In the entries below, begin at the line that has "this 1288×966 image.", stop after the line that has "this 2048×1536 image.", and output those lines exactly with no pictures.
---------- AVAILABLE DATA ----------
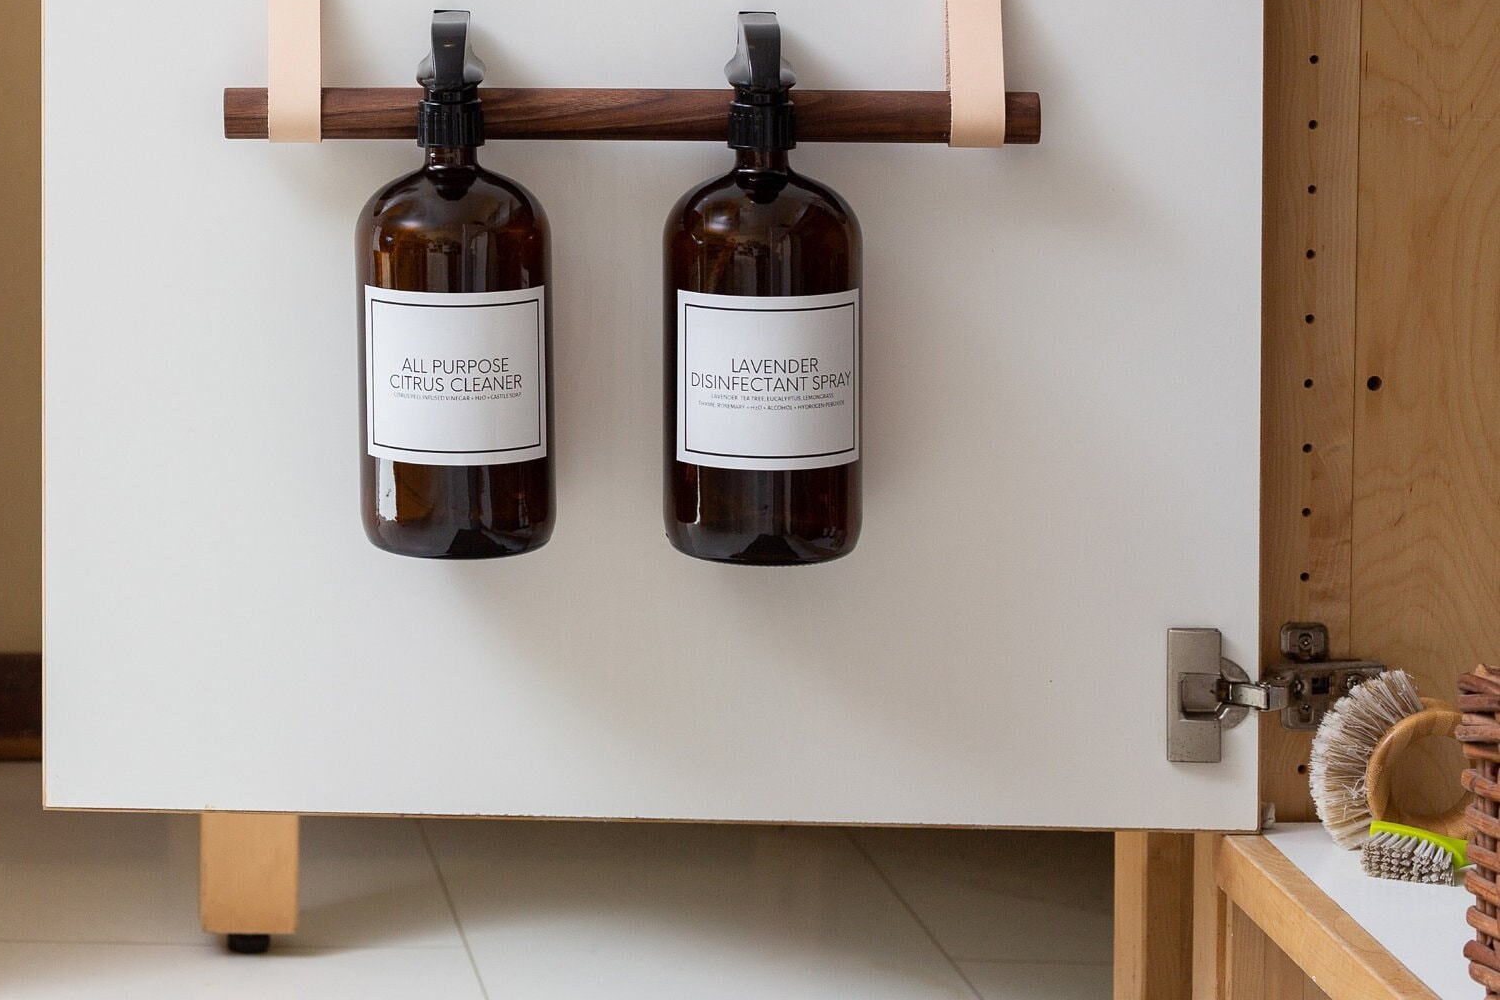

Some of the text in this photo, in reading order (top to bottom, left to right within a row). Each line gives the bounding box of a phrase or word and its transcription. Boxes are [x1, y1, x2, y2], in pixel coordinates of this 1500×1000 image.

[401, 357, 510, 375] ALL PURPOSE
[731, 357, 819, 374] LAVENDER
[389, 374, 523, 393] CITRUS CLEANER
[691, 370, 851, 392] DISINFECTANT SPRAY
----------
---------- AVAILABLE DATA ----------
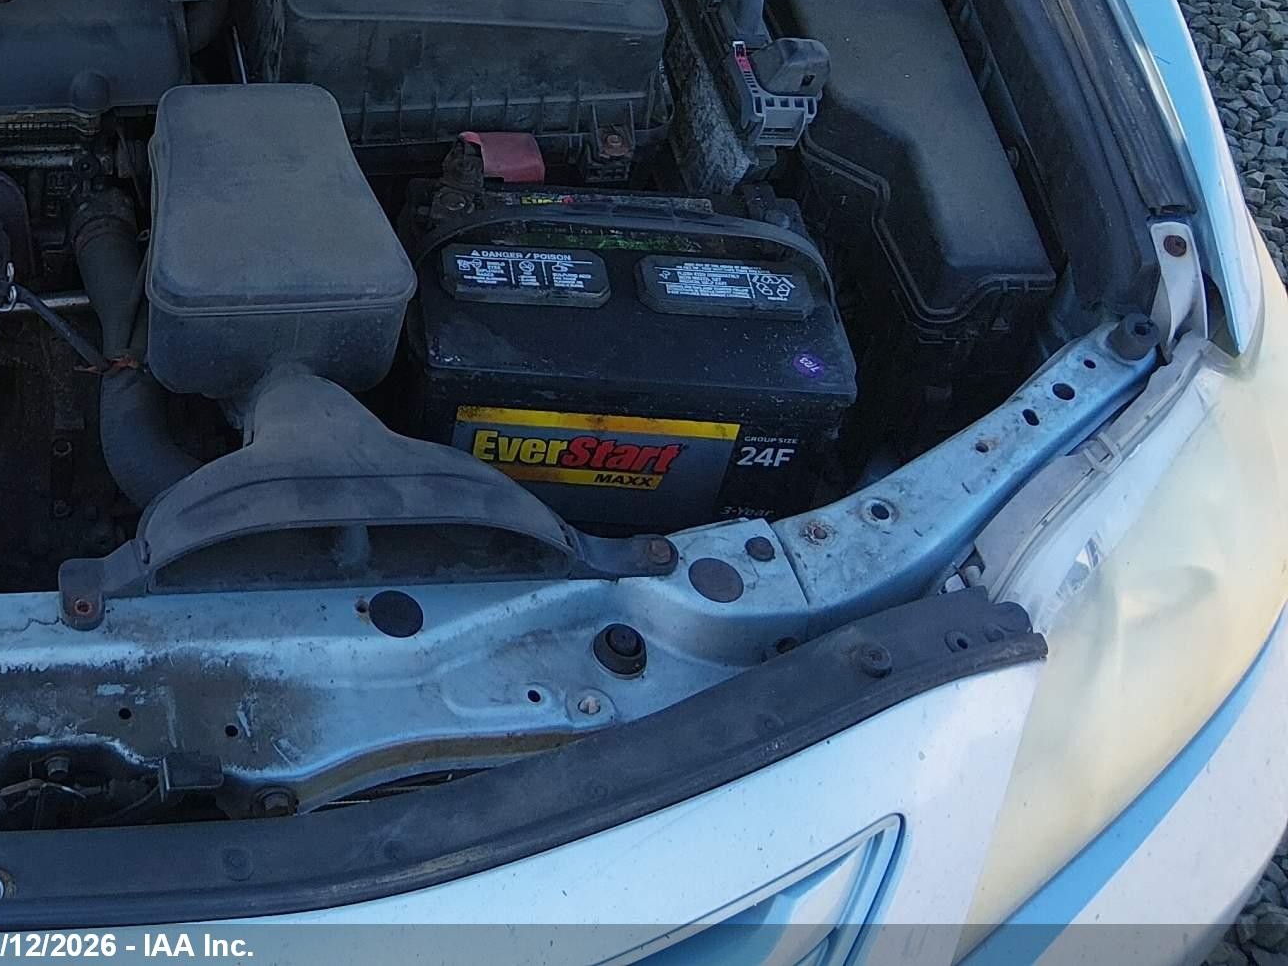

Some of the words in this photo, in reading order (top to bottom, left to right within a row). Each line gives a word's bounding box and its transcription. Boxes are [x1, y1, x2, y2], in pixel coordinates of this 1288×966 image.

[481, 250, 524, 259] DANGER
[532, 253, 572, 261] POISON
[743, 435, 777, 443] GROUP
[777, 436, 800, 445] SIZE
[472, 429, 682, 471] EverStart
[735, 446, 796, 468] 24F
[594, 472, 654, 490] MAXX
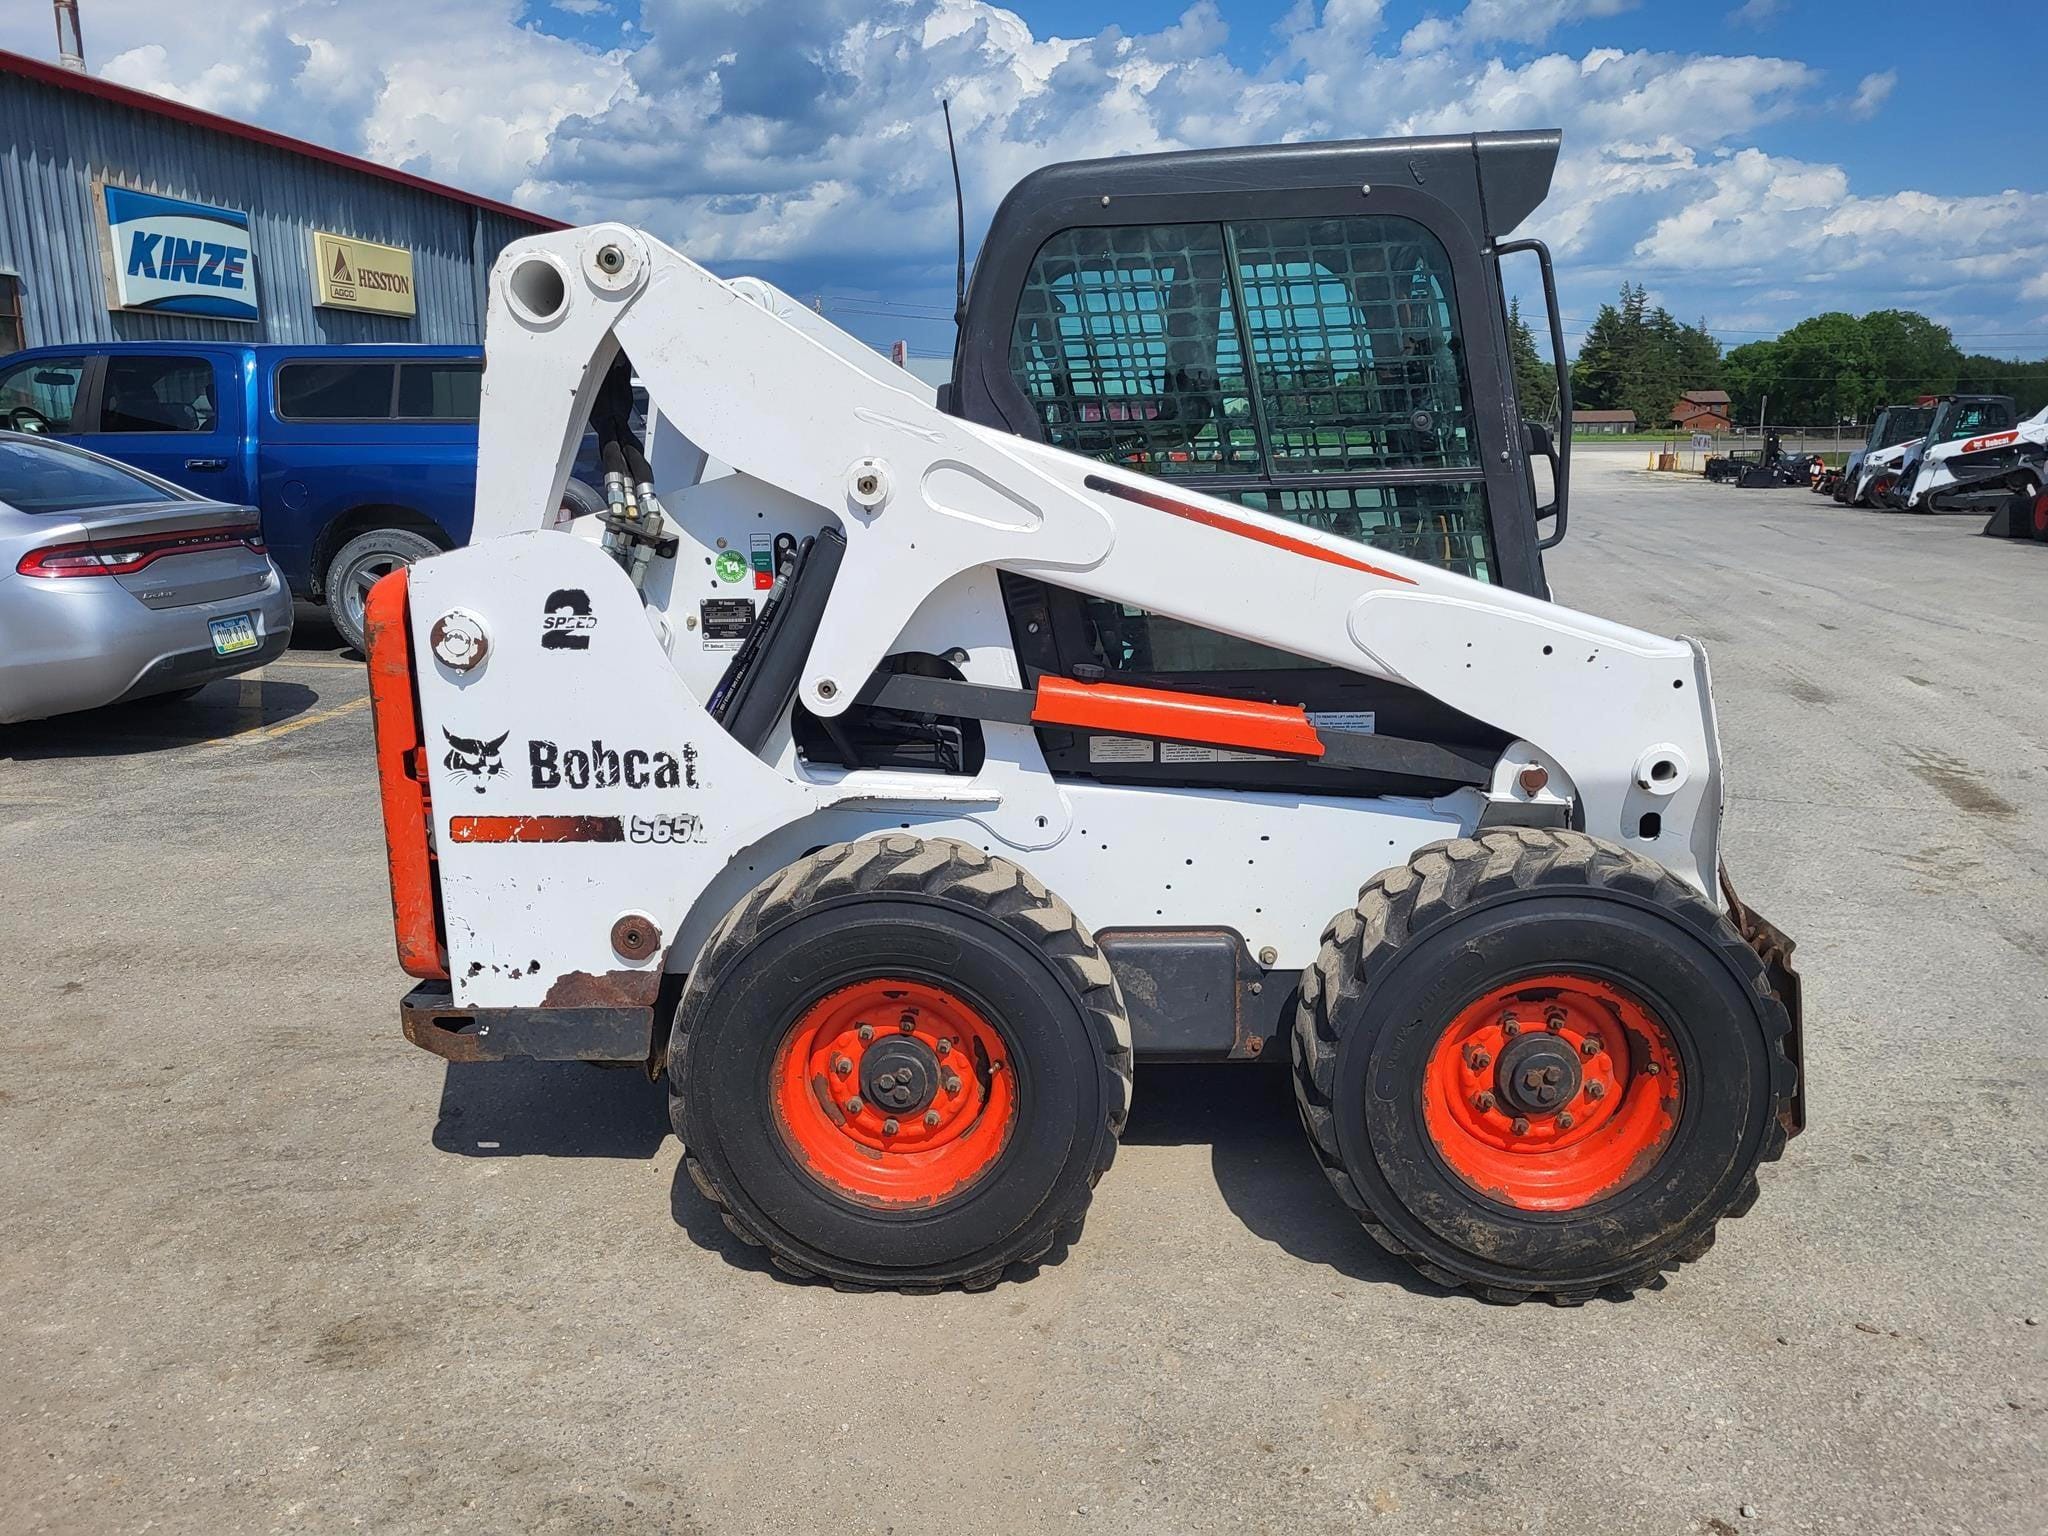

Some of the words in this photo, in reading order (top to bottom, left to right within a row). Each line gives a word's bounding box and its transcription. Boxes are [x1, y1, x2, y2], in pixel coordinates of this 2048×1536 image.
----------
*WRITTEN RESPONSE*:
Some of the words in this photo, in reading order (top to bottom, left to right within a row). Each line gives a word's bounding box and its transcription. Boxes are [x1, y1, x2, y2], in pixel coordinates of this 1288×966 image.

[481, 250, 524, 259] DANGER
[532, 253, 572, 261] POISON
[743, 435, 777, 443] GROUP
[777, 436, 800, 445] SIZE
[472, 429, 682, 471] EverStart
[735, 446, 796, 468] 24F
[594, 472, 654, 490] MAXX

Some of the words in this photo, in reading order (top to bottom, left to right within a row). Each line gives a word's bounding box and its transcription. Boxes are [x1, y1, x2, y2], in pixel coordinates of this 2048×1536 image.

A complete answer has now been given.